As práticas que causam a perda da biodiversidade estão melhor descritas abaixo, mas vale ressaltar que entre os distintos ecossistemas as ameaças sofridas tem diferentes níveis de impacto, bem como a maneira como respondem à essas ameaças (por exemplo, para ambientes terrestres a principal ameaça são o desmatamento e as queimadas, enquanto que para os ambientes aquáticos é a aquicultura e a pesca insustentável [10]).

Extinção de Espécies

Ararinha-azul, Cyanopsitta spixii, espécie ameaçada de extinção.
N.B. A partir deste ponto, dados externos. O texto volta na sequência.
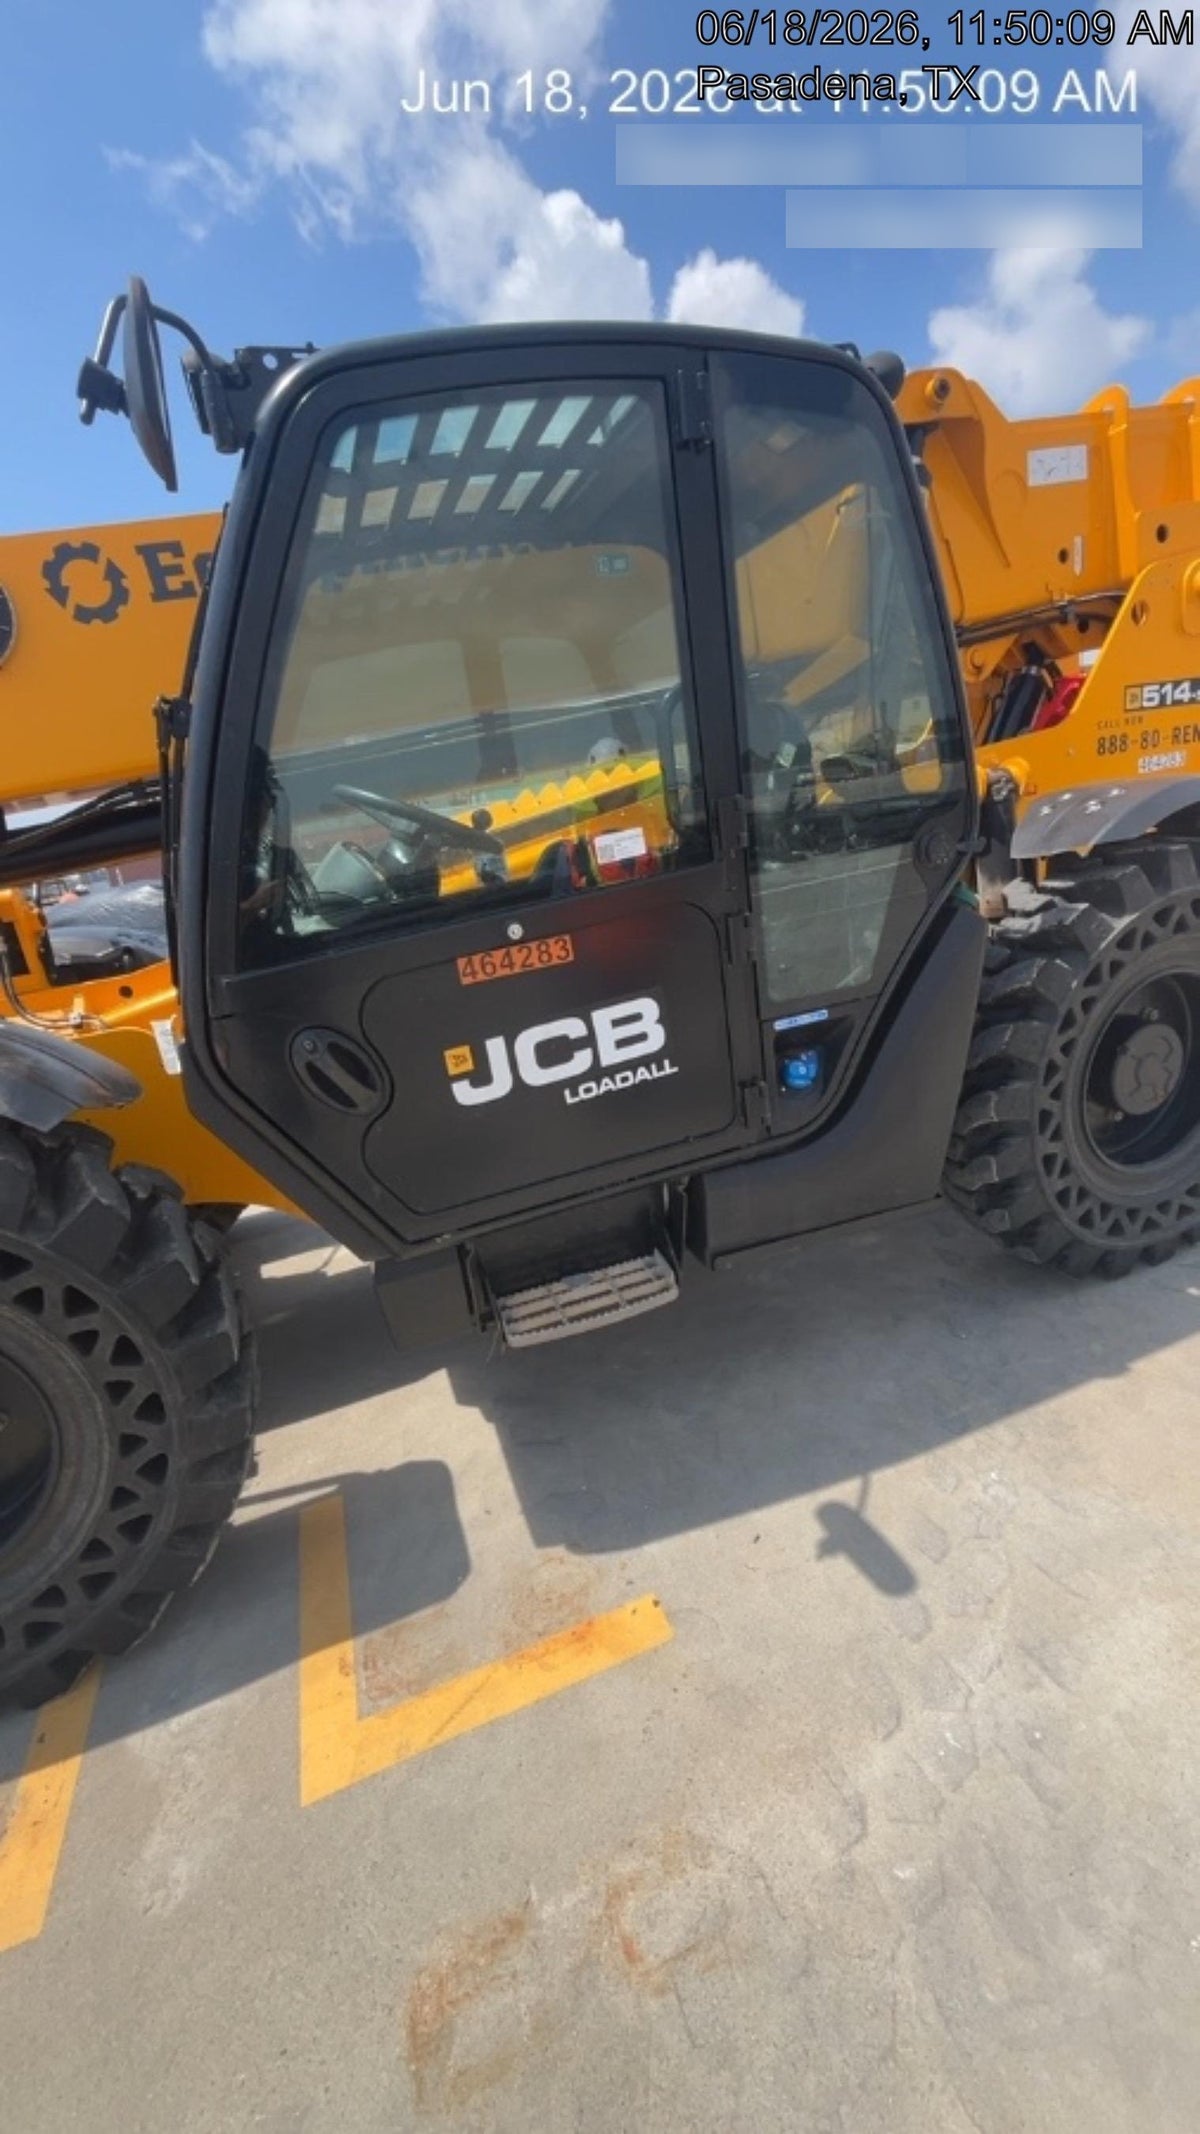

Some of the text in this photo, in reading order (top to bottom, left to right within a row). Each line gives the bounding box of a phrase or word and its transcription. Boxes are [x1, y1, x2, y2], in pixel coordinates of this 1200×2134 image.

Uma espécie é considerada extinta quando não existe nenhum indivíduo vivo na natureza, ou quando um representante da espécie não é observado durante 50 anos, ou ainda quando só existem indivíduos do mesmo sexo. Na prática, a maioria das espécies extintas não está devidamente registrada, pois, por mais que tenhamos avançado nas pesquisas científicas, pouco se sabe sobre a biodiversidade do planeta e sobre o comportamento das espécies.

As causas da extinção de espécies têm duas vertentes. A primeira é de origem natural, fruto da própria evolução da espécie na comunidade onde habita, por meio da seleção natural. O surgimento da espécie humana não alterou os mecanismos naturais de seleção, porém com o desenvolvimento do mundo moderno nos últimos séculos a vida selvagem vem sofrendo perdas irreparáveis do ponto de vista evolutivo.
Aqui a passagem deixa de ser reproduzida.